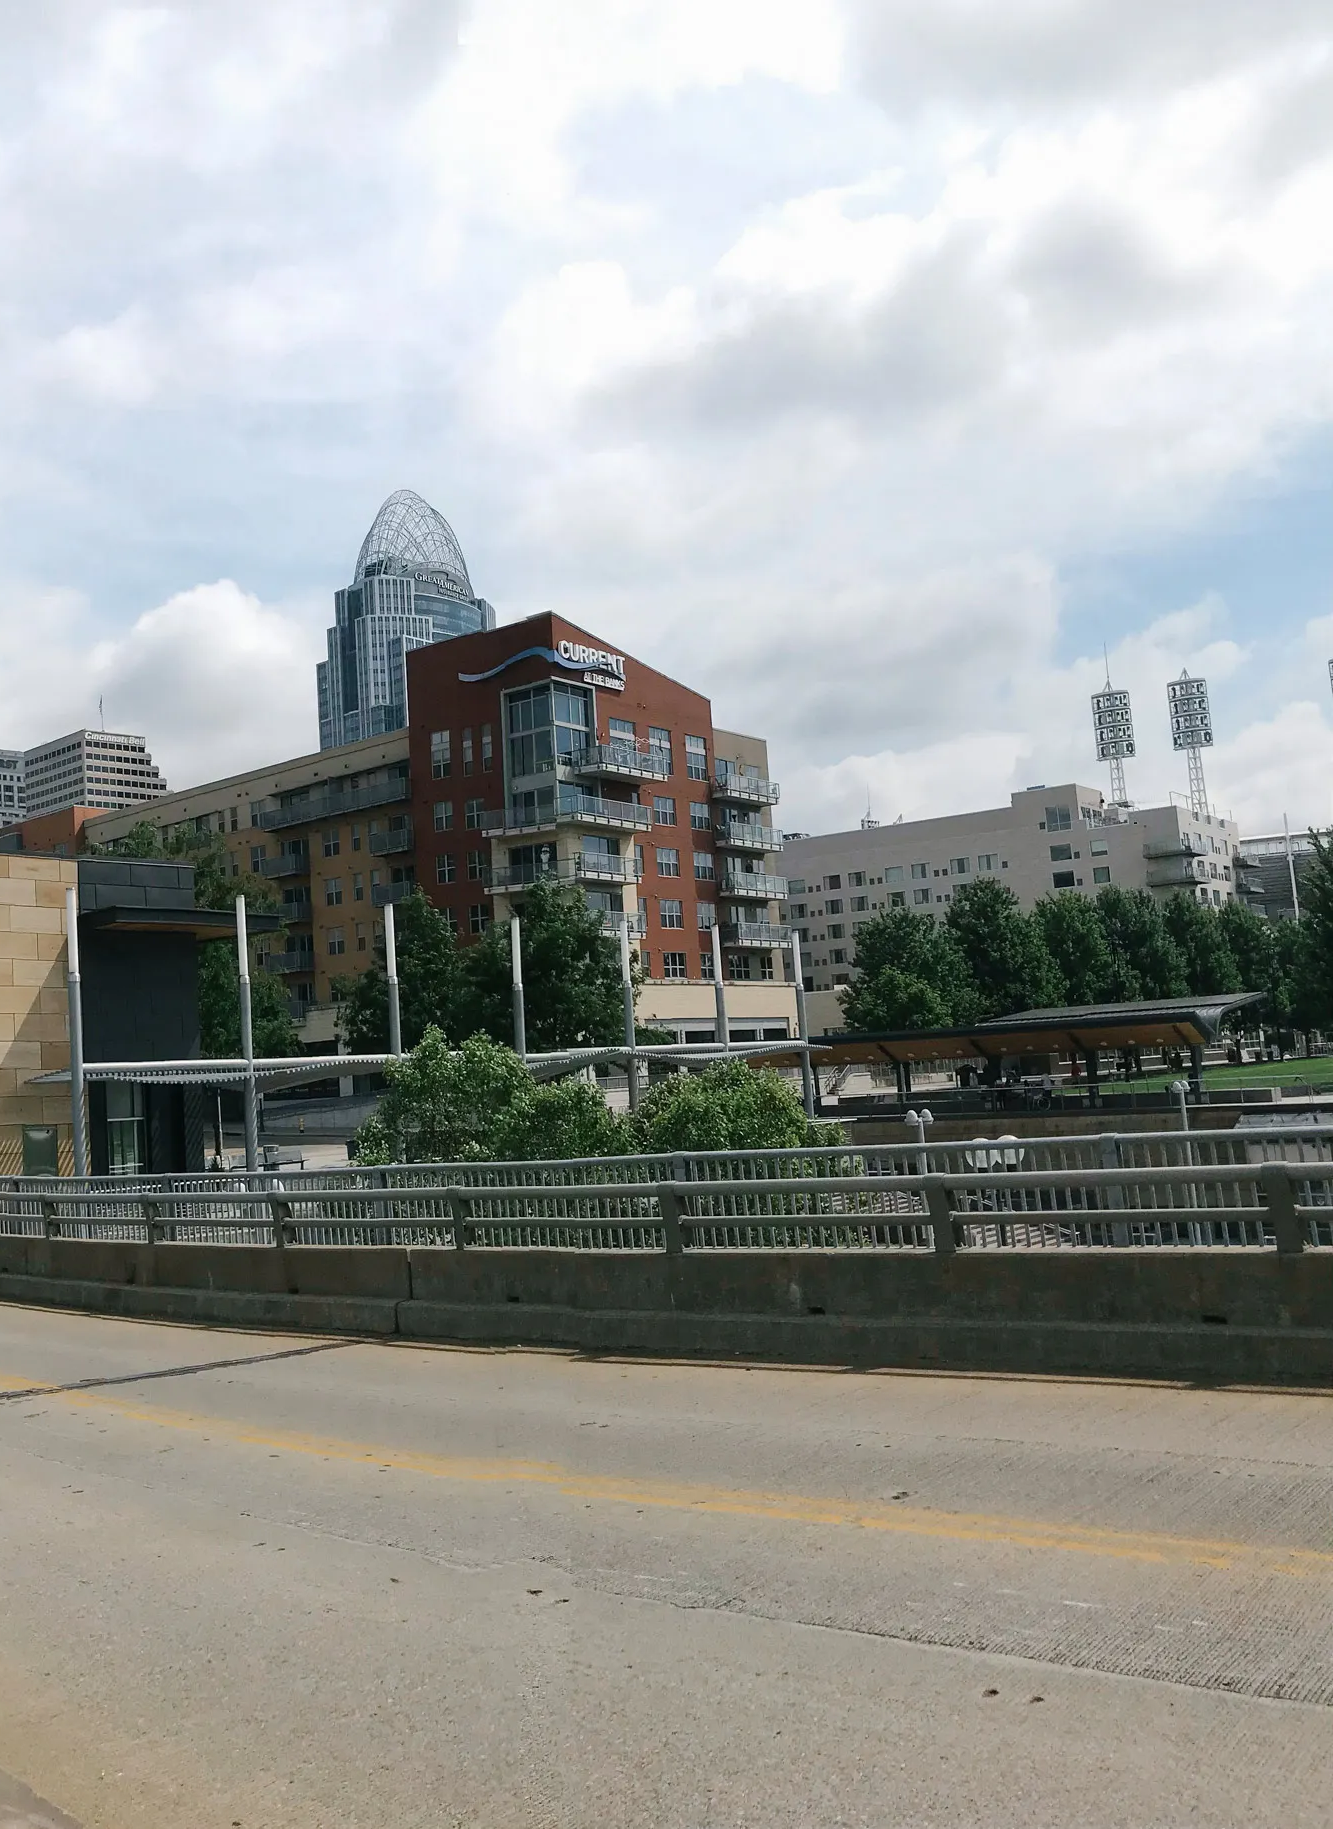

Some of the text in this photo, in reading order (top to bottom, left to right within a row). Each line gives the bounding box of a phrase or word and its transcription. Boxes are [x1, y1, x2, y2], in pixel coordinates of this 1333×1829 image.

[414, 571, 439, 585] GREAT
[558, 640, 625, 675] CURRENT
[583, 671, 625, 691] AT THE BANKS
[84, 731, 145, 746] Cincinnati Bell
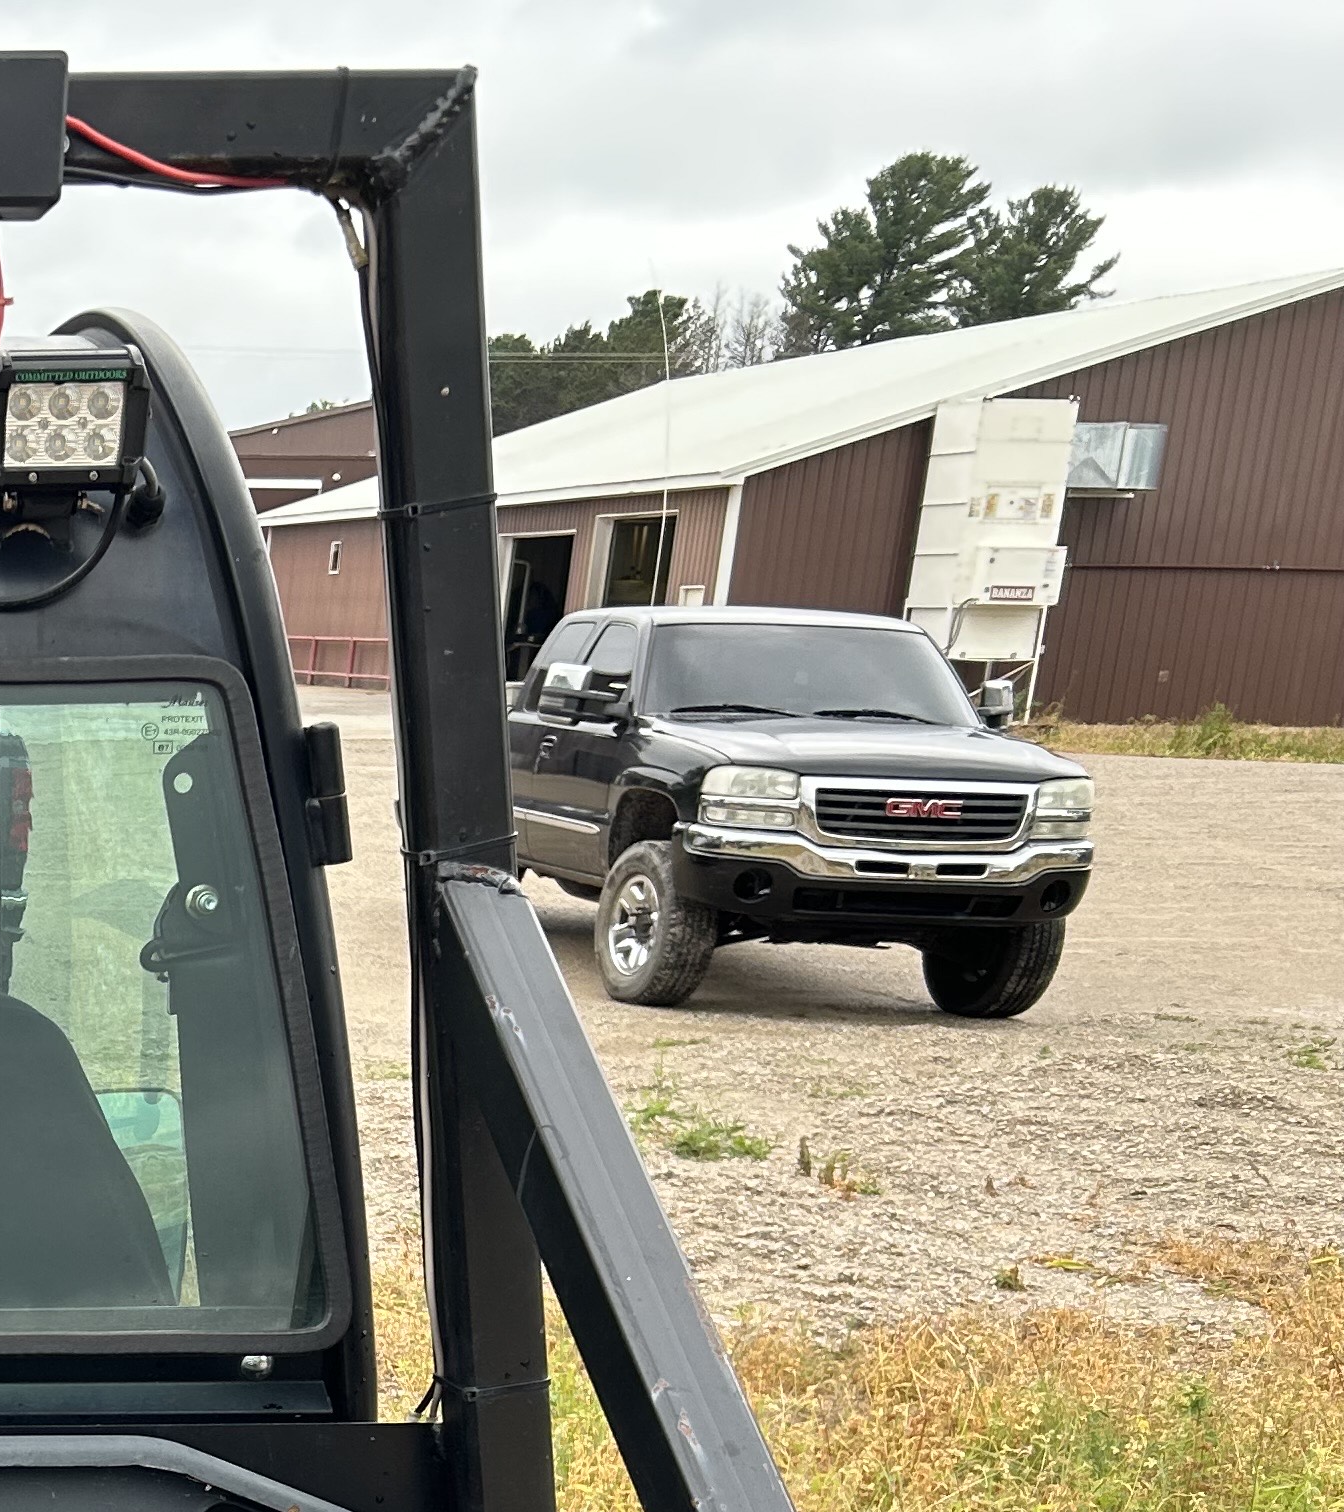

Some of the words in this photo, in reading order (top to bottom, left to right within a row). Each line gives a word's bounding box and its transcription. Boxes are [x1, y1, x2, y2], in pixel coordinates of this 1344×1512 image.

[15, 371, 73, 382] COMMITTED
[74, 369, 127, 380] OUTDOORS
[991, 587, 1033, 599] BANANZA
[886, 798, 964, 819] GMC
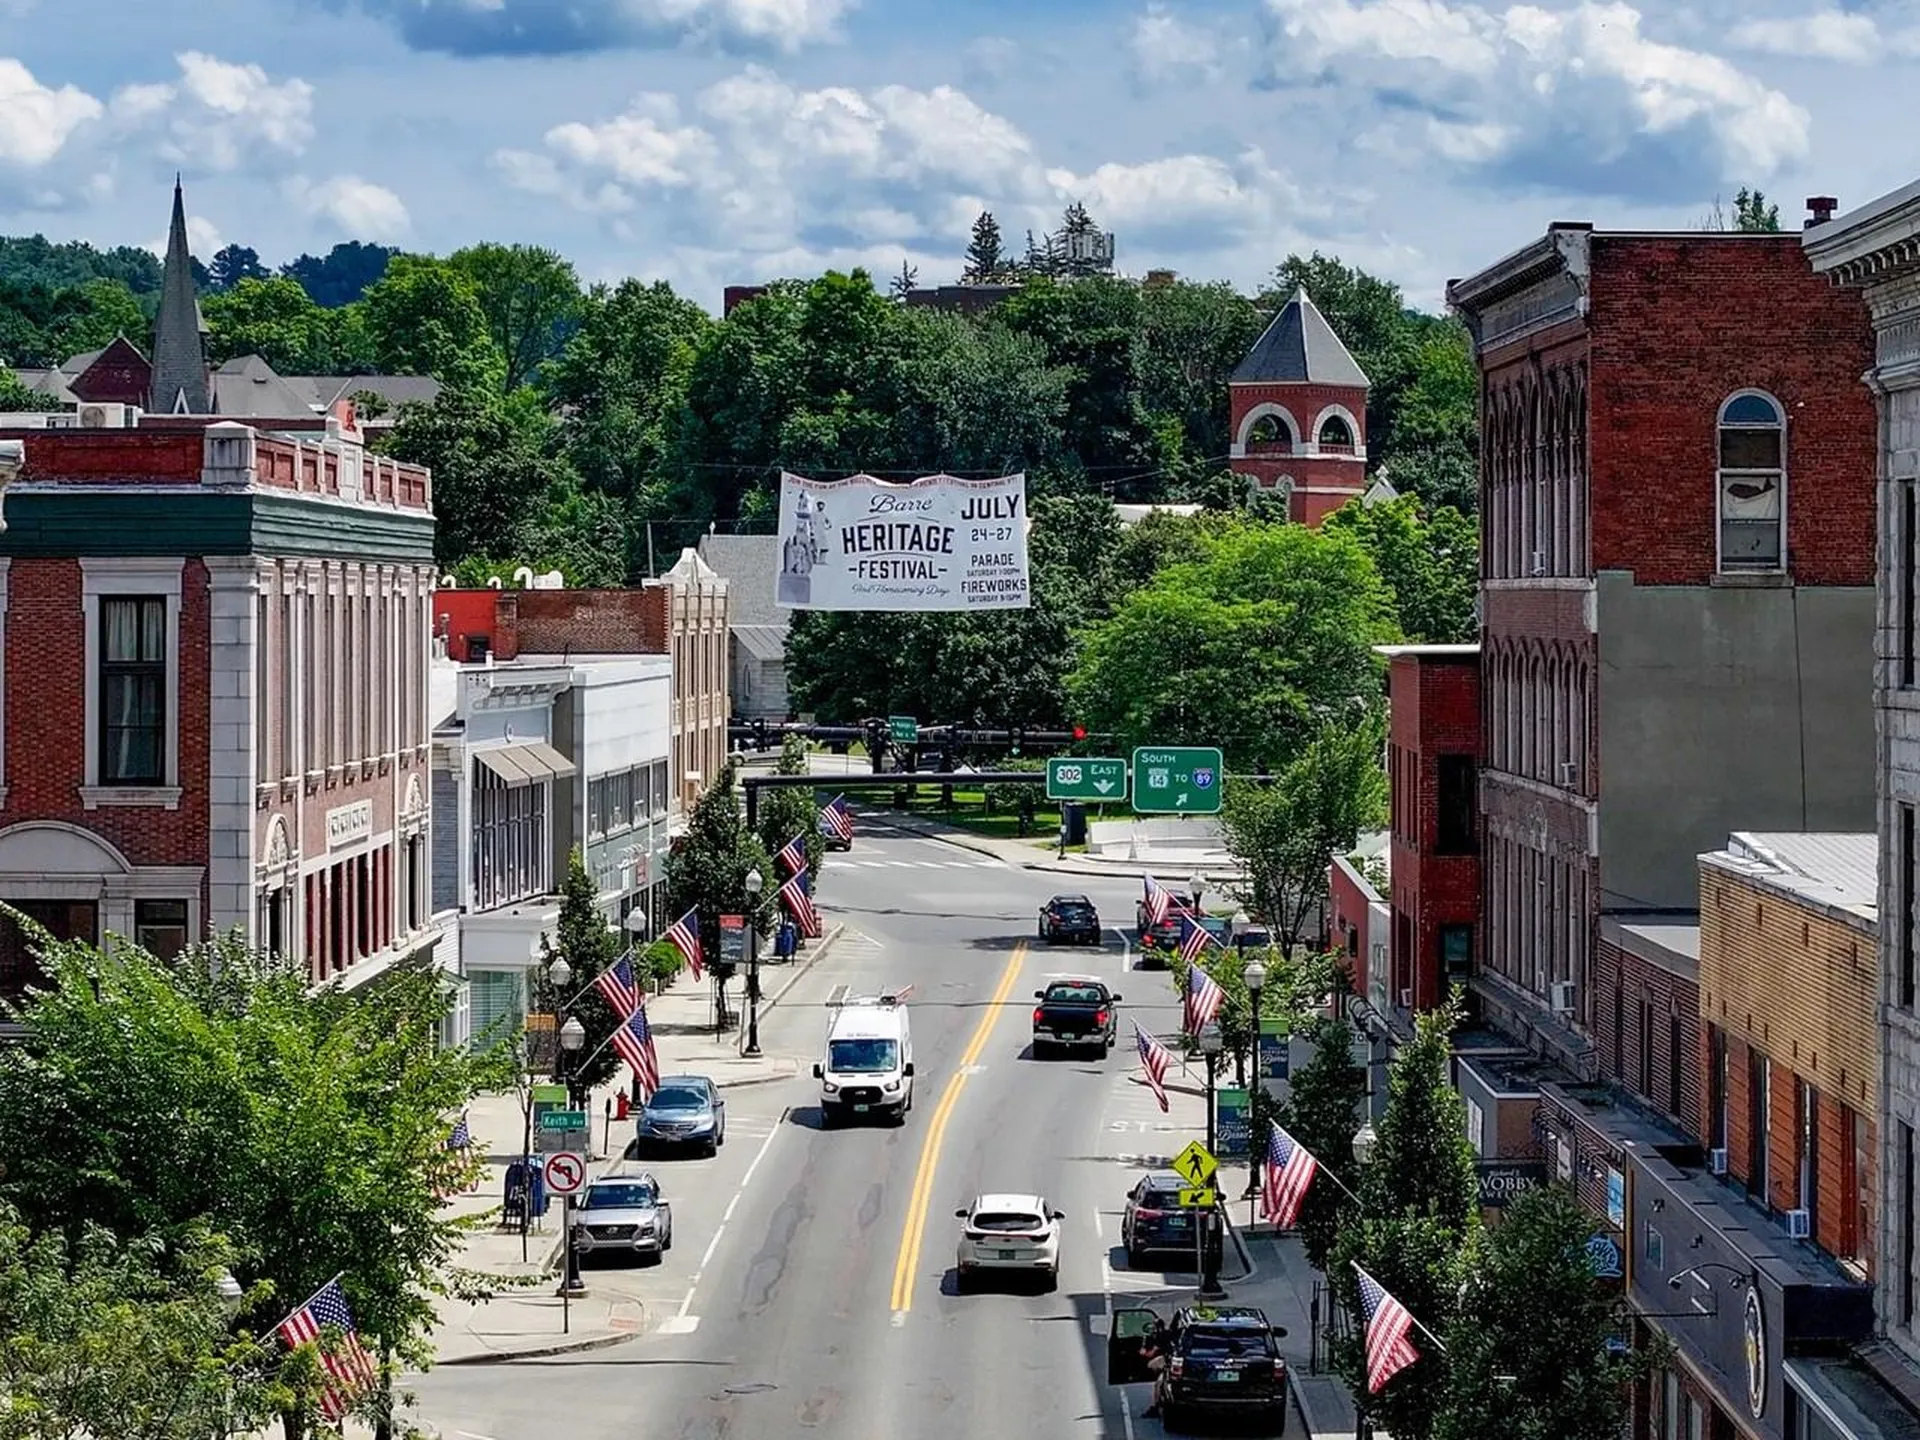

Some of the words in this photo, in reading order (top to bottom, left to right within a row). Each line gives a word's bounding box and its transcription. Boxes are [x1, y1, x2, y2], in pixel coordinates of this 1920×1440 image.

[869, 493, 934, 514] Barre
[961, 494, 1020, 520] JULY
[841, 523, 955, 555] HERITAGE
[971, 527, 1013, 542] 24-27
[971, 553, 1014, 567] PARADE
[966, 567, 997, 577] SATURDAY
[961, 578, 1027, 594] FIREWORKS
[967, 594, 998, 603] SATURDAY
[1059, 768, 1081, 781] 302
[1152, 775, 1165, 786] 14
[1174, 773, 1189, 784] TO
[1196, 773, 1212, 785] 89
[544, 1115, 568, 1127] Keith

****************************************

Every entry above is to be copied verbatim, with the pictures removed.

Some of the text in this photo, in reading order (top to bottom, left to right within a row). Each line gives the bounding box of a phrase or word and its transcription. Boxes are [x1, y1, x2, y2], in pixel coordinates of this 1333×1829 image.

[414, 571, 439, 585] GREAT
[558, 640, 625, 675] CURRENT
[583, 671, 625, 691] AT THE BANKS
[84, 731, 145, 746] Cincinnati Bell

Some of the words in this photo, in reading order (top to bottom, left to right within a row). Each line gives a word's bounding box and its transcription. Boxes are [x1, y1, x2, y2], in pixel coordinates of this 1344×1512 image.

[15, 371, 73, 382] COMMITTED
[74, 369, 127, 380] OUTDOORS
[991, 587, 1033, 599] BANANZA
[886, 798, 964, 819] GMC

Some of the words in this photo, in reading order (top to bottom, left to right within a row). Each line gives a word's bounding box and its transcription. Boxes are [x1, y1, x2, y2], in pixel coordinates of this 1920×1440 image.

[869, 493, 934, 514] Barre
[961, 494, 1020, 520] JULY
[841, 523, 955, 555] HERITAGE
[971, 527, 1013, 542] 24-27
[971, 553, 1014, 567] PARADE
[966, 567, 997, 577] SATURDAY
[961, 578, 1027, 594] FIREWORKS
[967, 594, 998, 603] SATURDAY
[1059, 768, 1081, 781] 302
[1152, 775, 1165, 786] 14
[1174, 773, 1189, 784] TO
[1196, 773, 1212, 785] 89
[544, 1115, 568, 1127] Keith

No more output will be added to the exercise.